There was so much. Nails, tanning, hair, apparel of every specific variety. So many one by one details that needed tending each hour. The sheer volume of technical specifications was enormous. And she was passively expert, bypassing formal to intimate knowledge of the science of cosmetics.

But it wasn't that it dragged her down. Standard equipment, she maintained. The constant effort made her hardier, more durable.

How many things had the word Girl in the title: where the girls are, when you're a girl, girl 6.

The mall was huge, and the only feature that spoke for this particular metropolitan area. Always crowds, but never crowded. The multitiled floor that made for a constant din of clacking heels.

There were smells of coffee and plastic airbed mattresses.

A huge mural painted over an unfinished storefront of old-timey cottonfield scenes--ostensibly to represent what was here a couple of milleniums before the mall. The whole idea enough to give her brother an asthma attack.

There were vast sheets of glass everywhere and cathedral glass ceilings and water fountains, the omnipresent splashing of water. You couldn't really get away from it.

Cheerleaders strolling through looking like they belonged to the underground regions of a particularly nervy videogame. The look wasn't bad. It made her wish they could have pushed the envelope harder back when she was. More edgy.

Sunglasses always. The longer you stayed in a place the more doubletakes you got. Aren't you on the channel 8 news. The outright staring. Even autographs.

Even the married guy you had lunch and so forth with, wife and two kids in tow. Who looked twice to make sure she wasn't looking, and when she was, he wouldn't look. Wives know. Even kids know.

Still, better than the ones with wives who never looked at all.

A question perpetually loaded into RAM: why doesn't she do something with that hair.

The feel of walking with nothing dangling. Men's bodies evoked the word ridiculous. The assurance of scent present in your wake.

That you are one of more than half the world and that you are totally unique and special because of the other half.

Being a TV reporter was really only insurance.

Those huge posters at the lingerie outlet. Whose secret? Not the bitch's in the picture, not anymore.

Into the mall bookstore, a matter to let drop to her brother. "Oh guess what I saw in the bookstore?" His eyebrows. Not that it would impress him. Not at all. Only that it went toward the total number of points against her in the long run. Against the indictment. Not that he thought that she thought it mattered.

There, in the back, she saw the girl. In the paperback fantasy section; dungeons & dragons, swords and queens, diaphanous gowns and plastic boobs. Kelly can't help but look. She turns away once, but looks back. A girl, 15 maybe. The picture of homely. The worst kind of homely. Pooch belly already, one thin ponytail, fat lips, coke bottle glasses. Not a caricature. The real thing. And she knew it was supposed to be sad. She couldn't look away. It was sad.

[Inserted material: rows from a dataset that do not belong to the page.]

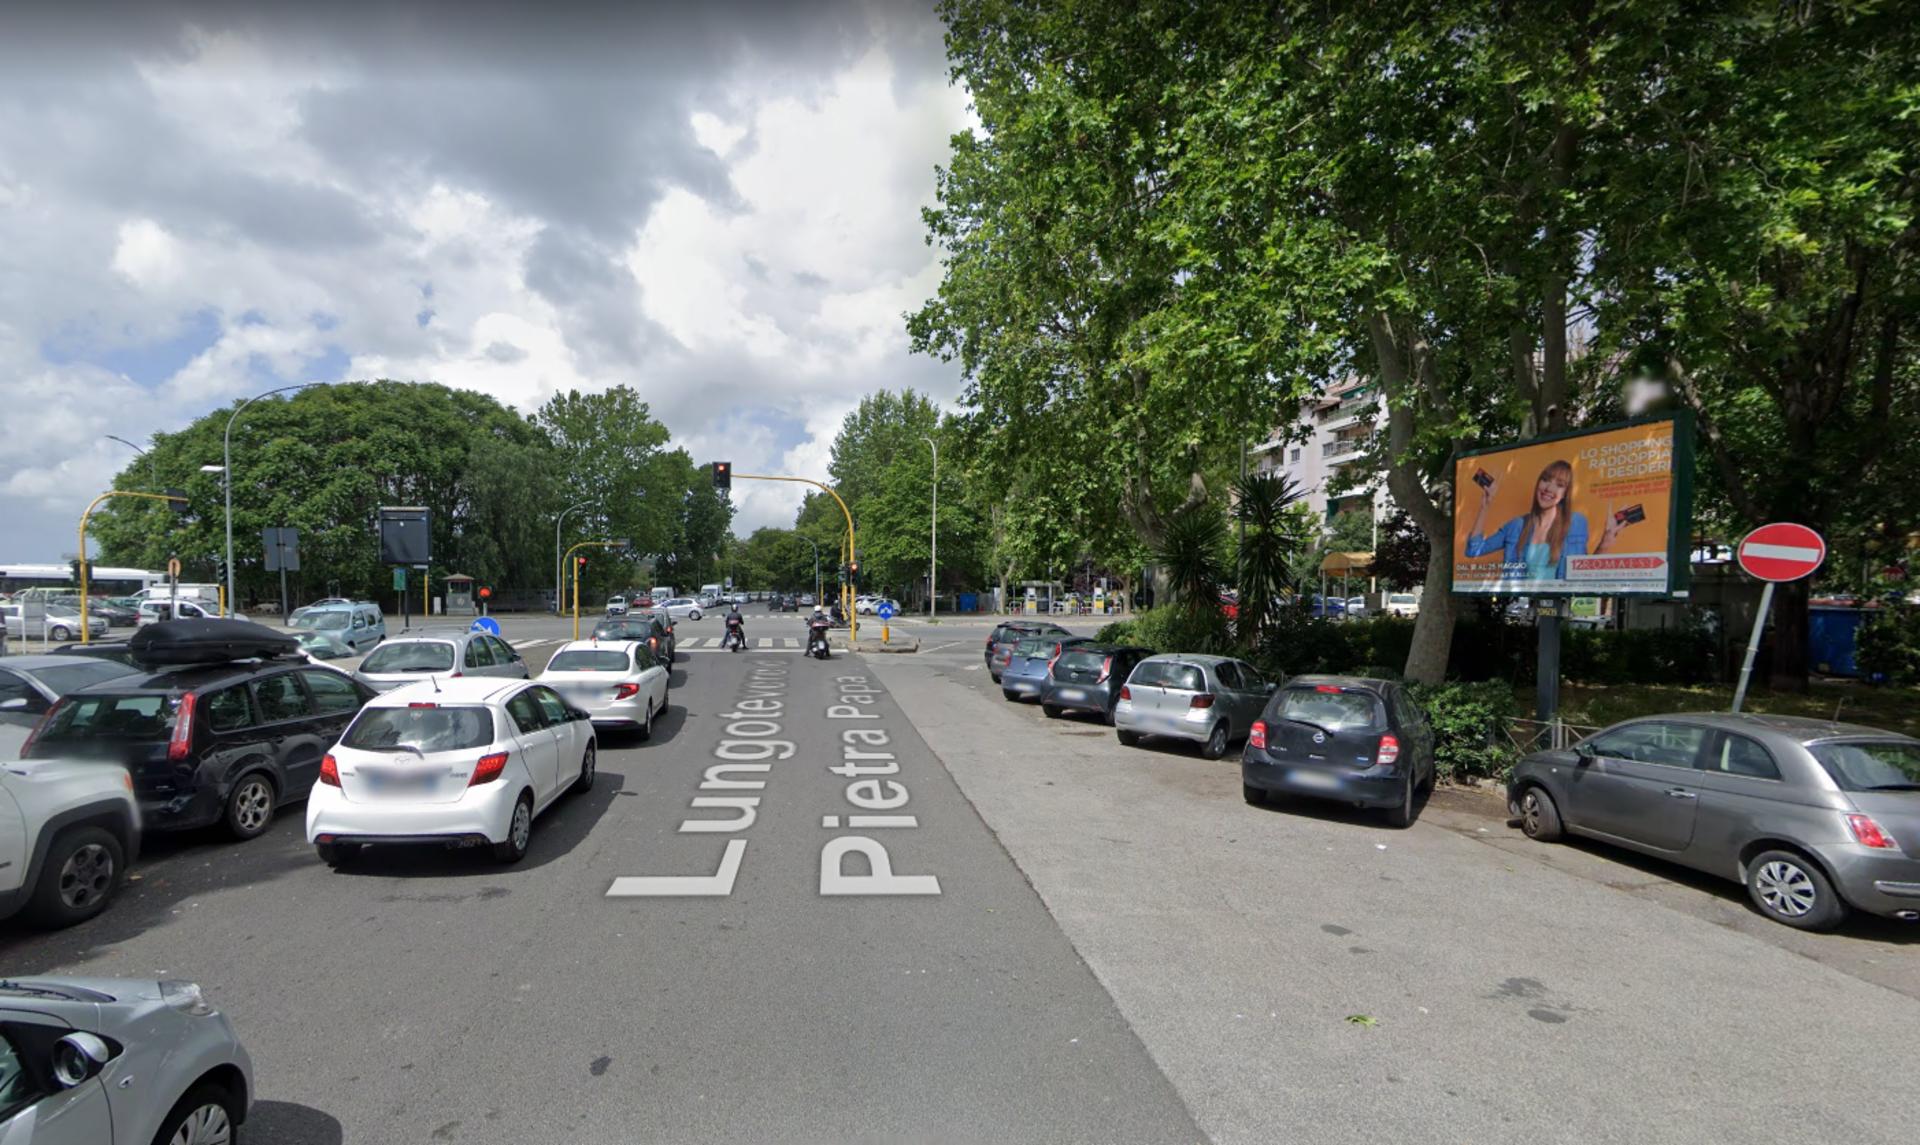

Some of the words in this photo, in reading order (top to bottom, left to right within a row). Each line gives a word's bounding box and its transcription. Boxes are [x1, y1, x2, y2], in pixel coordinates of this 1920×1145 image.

[1580, 448, 1598, 459] LO
[1601, 436, 1672, 456] SHOPPING
[1588, 450, 1671, 470] RADDOPPIA
[1607, 459, 1671, 478] DESIDERI
[1498, 562, 1527, 570] MAGGIO
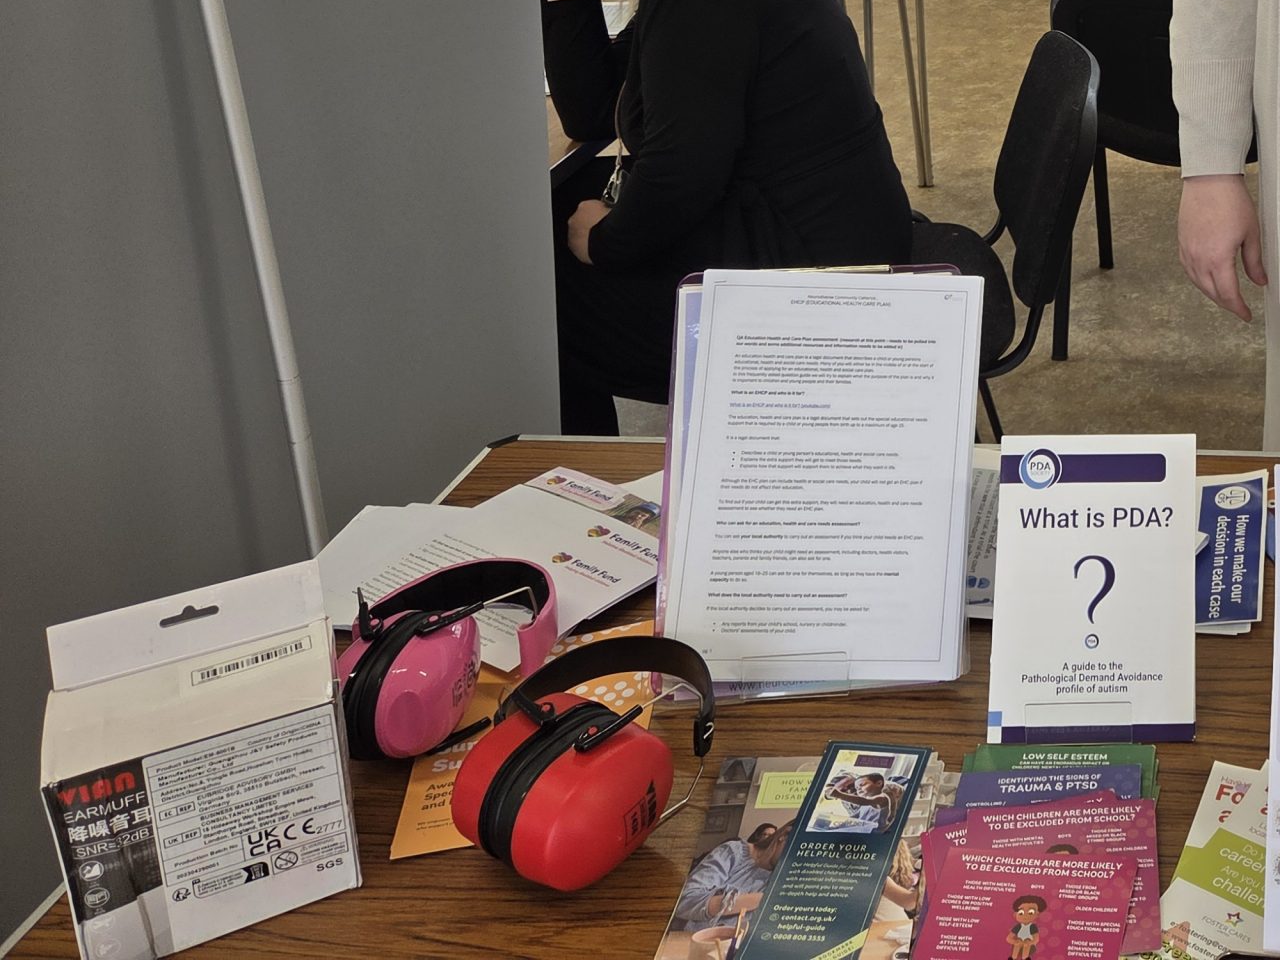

But she didn't feel it. Couldn't allow herself to feel it. Hopeless homely. Living for the latest in a series of books not romance but fantasy. Spells, wizards. More than that: Power and Justice.

And it wasn't true; that she could just fix herself up and make a difference, any difference at all.

What she herself had, she had. She didn't thank God for it. She didn't dismiss the possibility of God's role in it, either.

She didn't want to help the girl.

She wanted to go home and lie down on the cool bed in the cool a/c in the perfect bedroom in the perfect apartment and not be her. The girl.

Not be her. Forever and ever and ever.